Basics of Newton's method with a copy-and-paste function to do the work after the student explores a bit.

Discusses iterative algorithms, approximation, some analysis.

The fzero function of the Roots package is discussed.


An assignment for this material: ipynb view

A look at the relationship between a function and its first and second derivatives.


An assignment for this material: ipynb view

A project on minimization and maximization. Some standard applied problems are presented.


An assignment for this material: ipynb view

Basics of integration with applications including rectangle, trapezoid, Simpson's, and the quaggk function. Applications to volumes of solids of revolution.


An assignment for this material: ipynb view

Calculus II material

Discusses how to do some symbolic math in julia through the SymPy package.


An assignment for this material: ipynb view

  • Applications of the integral: area between two curves, volume of solids of revolution, other volumes


An assignment for this material: ipynb view

  • Techniques of integration: substitution, integration by parts, partial fractions


An assignment for this material: ipynb view

  • Taylor polynomials


An assignment for this material: ipynb view

  • Parametric equations and polar coordinates


An assignment for this material: ipynb view

Basic ideas

Julia makes an excellent choice for this material as its syntax is very similar to standard mathematical syntax. The ability to define mathematical functions using the familiar f(x) = ... notation makes getting started really easy. Further, the fact that functions are first-class objects means that it is possible to create higher-order julia functions that mirror the standard operators of calculus. The following pattern is used throughout:

action(function_object, args...)

For example, the notes use:

  • plot(f, a, b) to plot f over [a,b] (from Gadfly)
  • plot([f,g], a, b) to plot both f and g over the interval [a,b]
  • roots(f) to find the roots of a polynomial function, f (from Polynomials)
  • fzeros(f) to find the real roots of a polynomial function f (from Roots)
  • fzero(f, [a,b]) to find a root inside the bracketing interval [a,b] (from Roots)
  • limit(f, c) to find the limit of f at c (from SymPy)
  • D(f) to return a function that computes the derivative of f (from the Roots package)
  • fzero(f, a) or [fzero(f, x) for x in [x1,x2, ...]] to find root(s) of f starting at a or each of the x's
  • quadgk(f, a, b) to find the numeric integral of f over (a,b) (from base julia)
  • integrate(f) to find the symbolic integral of f (from the SymPy package)
  • integrate(f, a, b) to find the definite integral over [a,b] symbolically

With just this basic set of actions, akin to buttons on the calculator, a rich variety of problems can be addressed.

Some additional resources

Julia is a young language, with the bulk of its development being done since its initial announcement. It has relatively few online resources. Some are compiled here. Many of these are linked to from a julia web brain.

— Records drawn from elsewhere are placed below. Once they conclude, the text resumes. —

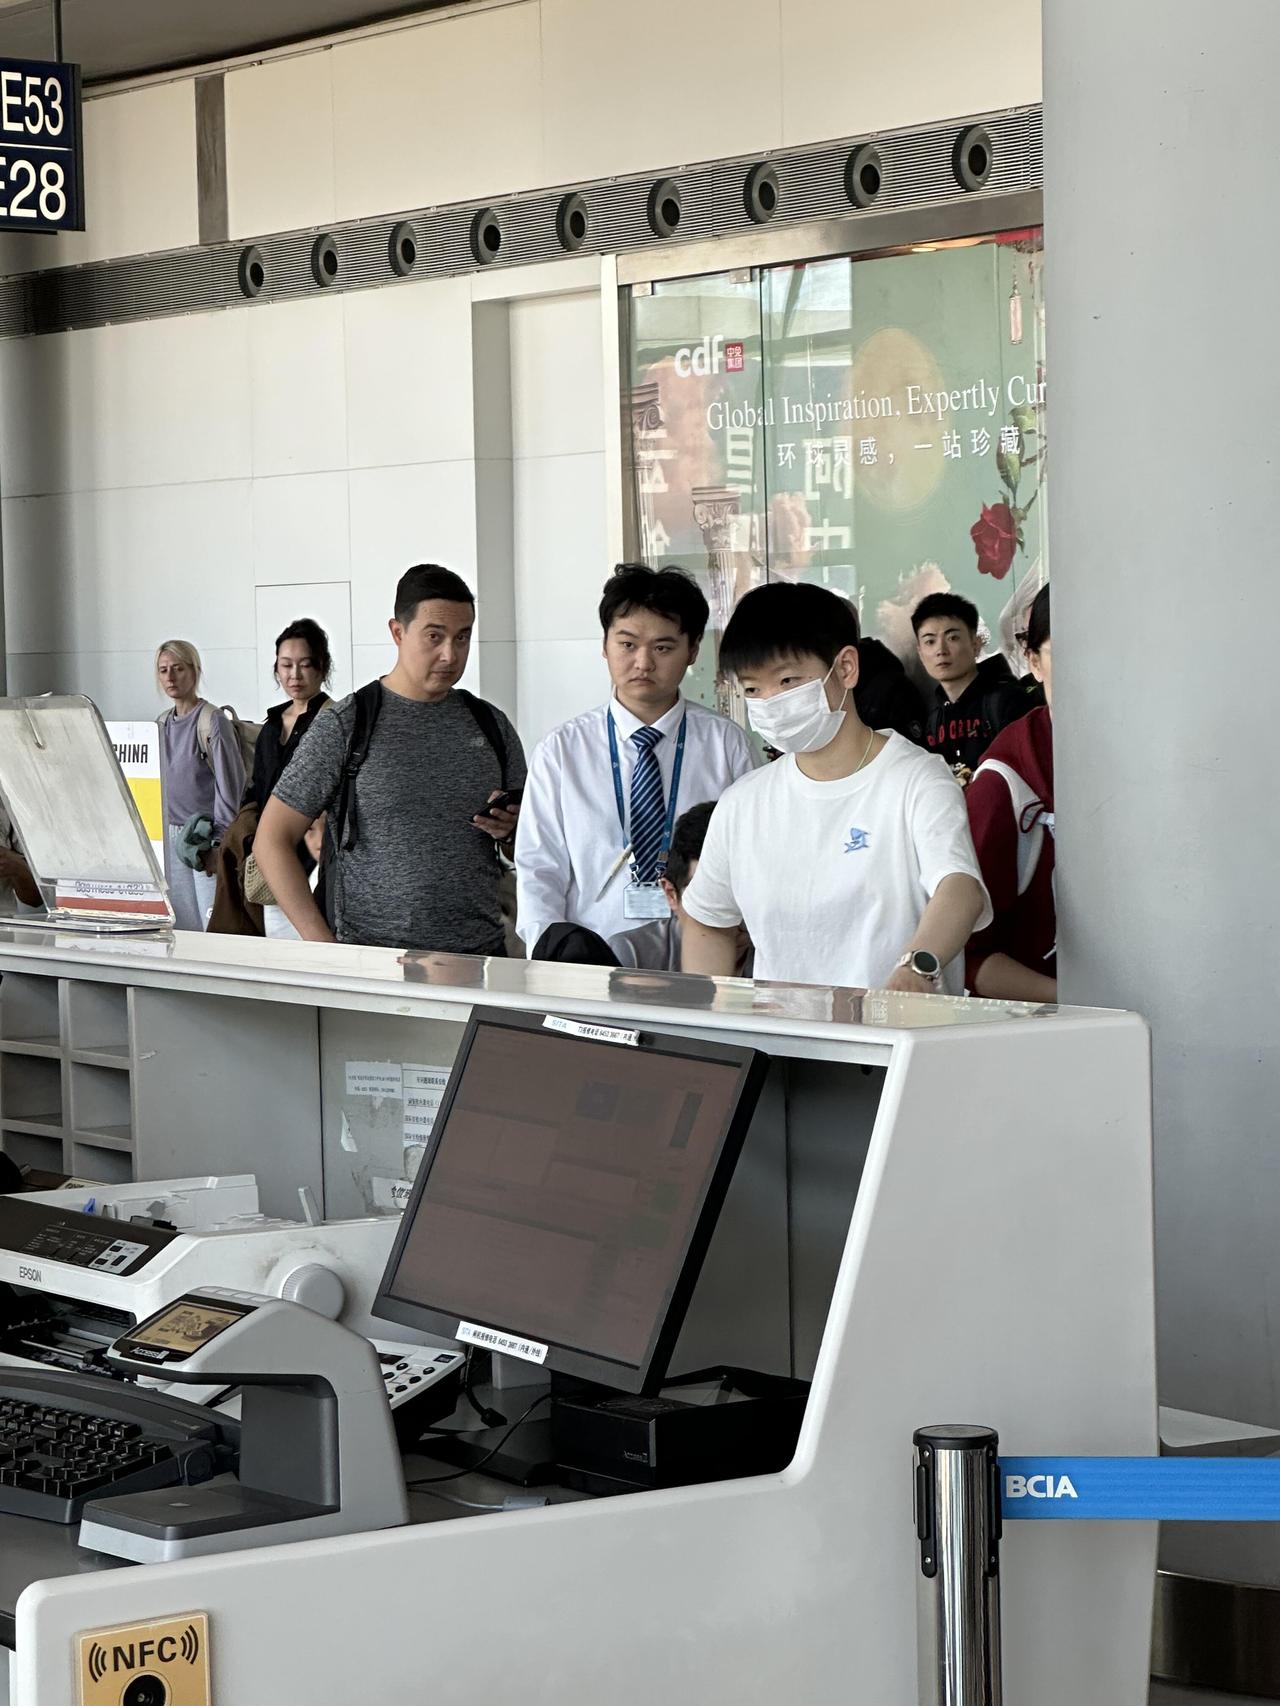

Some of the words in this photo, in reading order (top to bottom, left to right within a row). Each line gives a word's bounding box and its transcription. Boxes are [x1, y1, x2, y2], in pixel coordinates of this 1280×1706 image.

[1, 70, 64, 137] E53
[674, 334, 724, 378] cdf
[706, 398, 775, 431] Global
[782, 389, 901, 431] Inspiration,
[906, 378, 1000, 421] Expertly
[19, 1266, 42, 1283] EPSON
[1005, 1474, 1079, 1499] BCIA
[112, 1636, 178, 1672] NFC

  • The Julia manual provides a comprehensive overview

  • MIT Professor Steven G Johnson has some notes on using julia here and a cheat sheet here.

  • some blog posts are collected here.

  • At forio.com a tutorial is provided here.

  • A tutorial in IJulia format by Isaiah Norton is here, with the original file found here.

Before starting out with Julia it must be available.

Downloading julia

In order to get started with Julia it needs to be installed. If this is not done already, you have a bit of work to do to get julia and the notebook interface provided by IJulia.

First to install julia you can download a copy or install it from source. Likely a download is easiest. Official releases are available from julialang.org but it is best to download a cutting-edge release from status.julialang.org. Installation is hopefully similar to what you do for other software on your system.

Starting julia

Starting julia varies amongst the different operating systems. All have a console where commands are typed for julia to interpret and execute. This is known as the command line and though a long familiar means of interacting with computers, it is generally not familiar to the average student. We will need to learn to like the command line. Once done, you may think it is great, but it can a bit frustrating getting to that attitude.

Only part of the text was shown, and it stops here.